> [EXERCISE DESCRIPTION] Pictures aside, write out every record exactly as it appears.

(Saved entries)
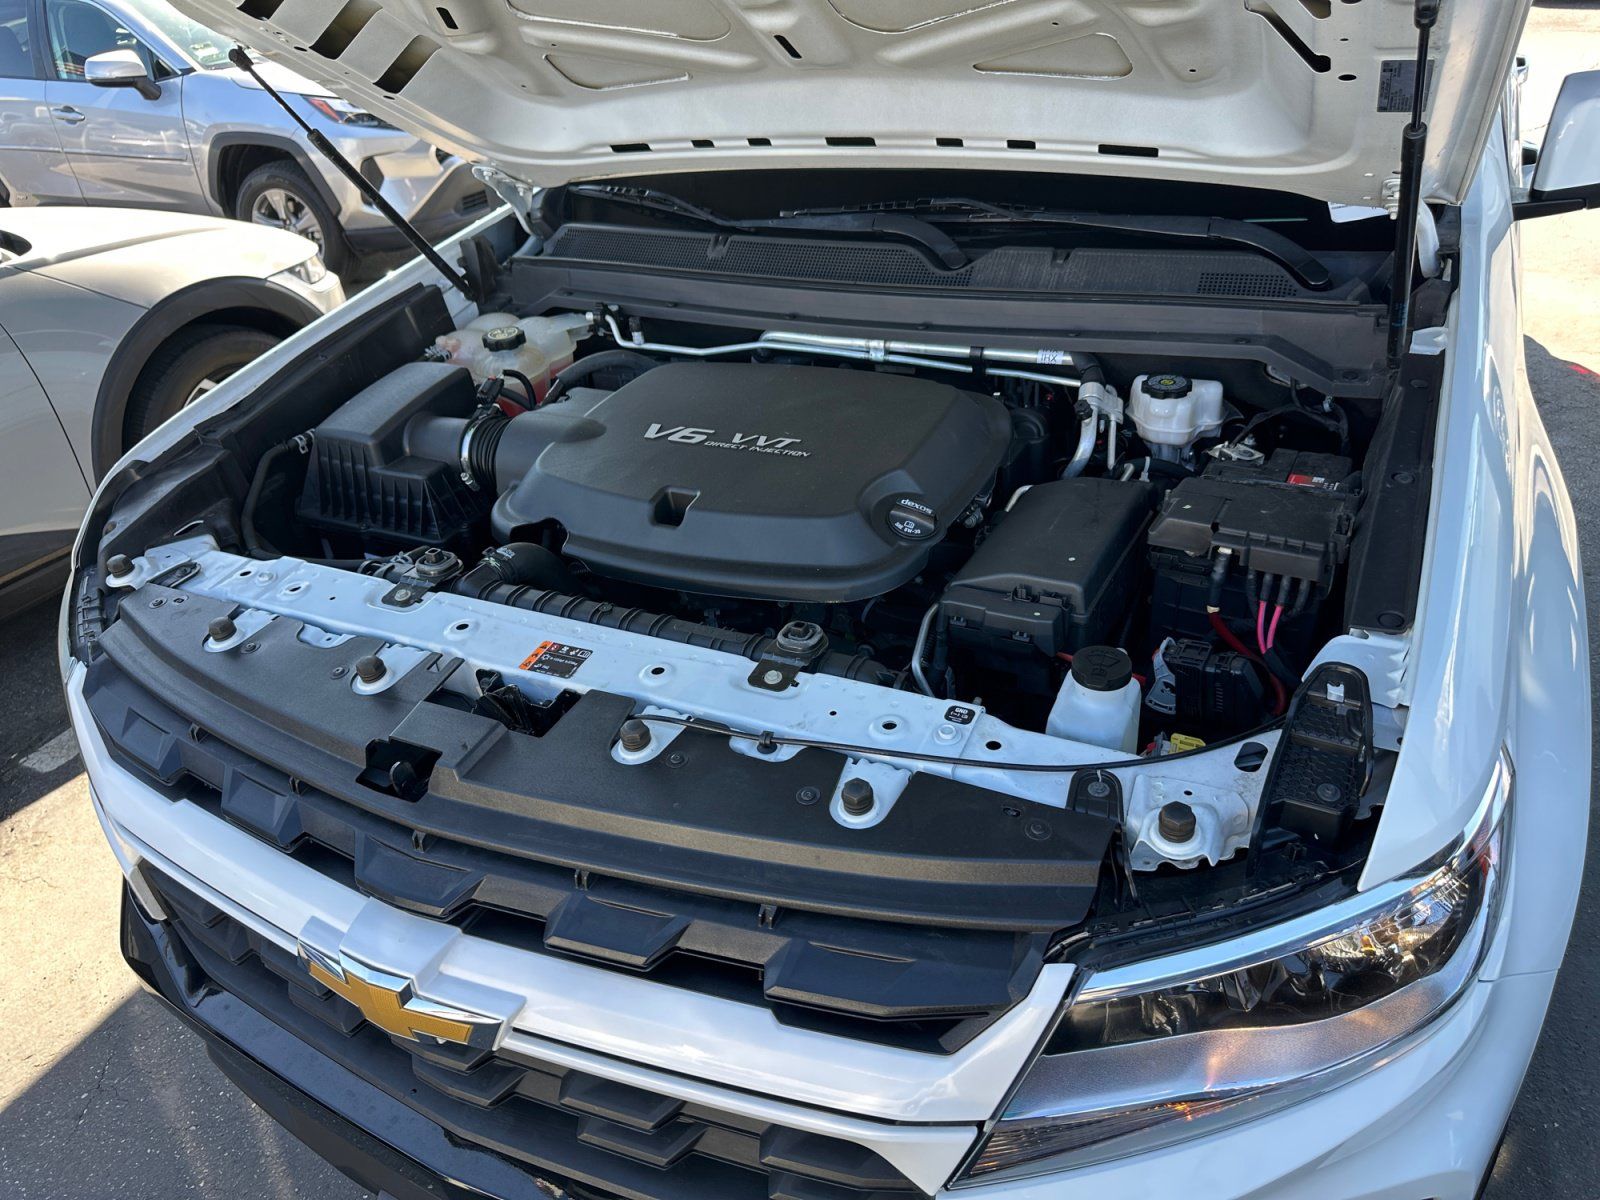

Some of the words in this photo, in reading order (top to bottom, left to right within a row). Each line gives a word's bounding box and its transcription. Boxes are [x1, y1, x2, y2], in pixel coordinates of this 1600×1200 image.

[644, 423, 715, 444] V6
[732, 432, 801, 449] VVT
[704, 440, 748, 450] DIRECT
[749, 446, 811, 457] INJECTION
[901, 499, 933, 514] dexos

> [EXERCISE SOLUTION]
Some of the words in this photo, in reading order (top to bottom, left to right within a row). Each line gives a word's bounding box and its transcription. Boxes are [x1, y1, x2, y2], in pixel coordinates of this 1600×1200 image.

[644, 423, 715, 444] V6
[732, 432, 801, 449] VVT
[704, 440, 748, 450] DIRECT
[749, 446, 811, 457] INJECTION
[901, 499, 933, 514] dexos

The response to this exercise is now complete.